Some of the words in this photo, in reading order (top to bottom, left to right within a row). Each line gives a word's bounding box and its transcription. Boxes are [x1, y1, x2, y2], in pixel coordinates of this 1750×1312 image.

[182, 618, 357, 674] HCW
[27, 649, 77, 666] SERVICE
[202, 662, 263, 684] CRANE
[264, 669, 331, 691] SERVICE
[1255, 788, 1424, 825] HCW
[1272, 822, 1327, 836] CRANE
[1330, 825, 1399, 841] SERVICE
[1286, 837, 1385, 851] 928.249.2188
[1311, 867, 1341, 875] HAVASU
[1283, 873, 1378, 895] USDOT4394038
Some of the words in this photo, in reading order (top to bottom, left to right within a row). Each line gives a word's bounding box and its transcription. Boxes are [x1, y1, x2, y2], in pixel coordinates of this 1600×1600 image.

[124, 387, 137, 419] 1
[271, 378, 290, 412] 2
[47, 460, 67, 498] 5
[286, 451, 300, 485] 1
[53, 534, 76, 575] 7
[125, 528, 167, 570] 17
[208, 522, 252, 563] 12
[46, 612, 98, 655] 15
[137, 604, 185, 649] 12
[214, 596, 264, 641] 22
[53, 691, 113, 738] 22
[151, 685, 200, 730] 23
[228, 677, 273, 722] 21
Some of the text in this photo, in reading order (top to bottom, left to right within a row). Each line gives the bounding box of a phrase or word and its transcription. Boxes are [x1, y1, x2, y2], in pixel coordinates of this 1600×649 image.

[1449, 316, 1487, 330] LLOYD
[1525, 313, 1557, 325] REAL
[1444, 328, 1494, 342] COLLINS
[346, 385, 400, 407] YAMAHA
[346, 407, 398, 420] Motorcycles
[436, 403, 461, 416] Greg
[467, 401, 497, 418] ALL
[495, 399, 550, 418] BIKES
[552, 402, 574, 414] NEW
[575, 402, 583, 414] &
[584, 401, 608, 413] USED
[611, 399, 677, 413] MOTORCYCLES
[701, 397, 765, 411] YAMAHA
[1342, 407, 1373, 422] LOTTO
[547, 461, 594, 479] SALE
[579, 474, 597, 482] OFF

-----

Work required: Every entry above should come back exactly as written.

Expected output:
Some of the words in this photo, in reading order (top to bottom, left to right within a row). Each line gives a word's bounding box and its transcription. Boxes are [x1, y1, x2, y2], in pixel coordinates of this 1750×1312 image.

[182, 618, 357, 674] HCW
[27, 649, 77, 666] SERVICE
[202, 662, 263, 684] CRANE
[264, 669, 331, 691] SERVICE
[1255, 788, 1424, 825] HCW
[1272, 822, 1327, 836] CRANE
[1330, 825, 1399, 841] SERVICE
[1286, 837, 1385, 851] 928.249.2188
[1311, 867, 1341, 875] HAVASU
[1283, 873, 1378, 895] USDOT4394038
Some of the words in this photo, in reading order (top to bottom, left to right within a row). Each line gives a word's bounding box and its transcription. Boxes are [x1, y1, x2, y2], in pixel coordinates of this 1600×1600 image.

[124, 387, 137, 419] 1
[271, 378, 290, 412] 2
[47, 460, 67, 498] 5
[286, 451, 300, 485] 1
[53, 534, 76, 575] 7
[125, 528, 167, 570] 17
[208, 522, 252, 563] 12
[46, 612, 98, 655] 15
[137, 604, 185, 649] 12
[214, 596, 264, 641] 22
[53, 691, 113, 738] 22
[151, 685, 200, 730] 23
[228, 677, 273, 722] 21
Some of the text in this photo, in reading order (top to bottom, left to right within a row). Each line gives the bounding box of a phrase or word and its transcription. Boxes are [x1, y1, x2, y2], in pixel coordinates of this 1600×649 image.

[1449, 316, 1487, 330] LLOYD
[1525, 313, 1557, 325] REAL
[1444, 328, 1494, 342] COLLINS
[346, 385, 400, 407] YAMAHA
[346, 407, 398, 420] Motorcycles
[436, 403, 461, 416] Greg
[467, 401, 497, 418] ALL
[495, 399, 550, 418] BIKES
[552, 402, 574, 414] NEW
[575, 402, 583, 414] &
[584, 401, 608, 413] USED
[611, 399, 677, 413] MOTORCYCLES
[701, 397, 765, 411] YAMAHA
[1342, 407, 1373, 422] LOTTO
[547, 461, 594, 479] SALE
[579, 474, 597, 482] OFF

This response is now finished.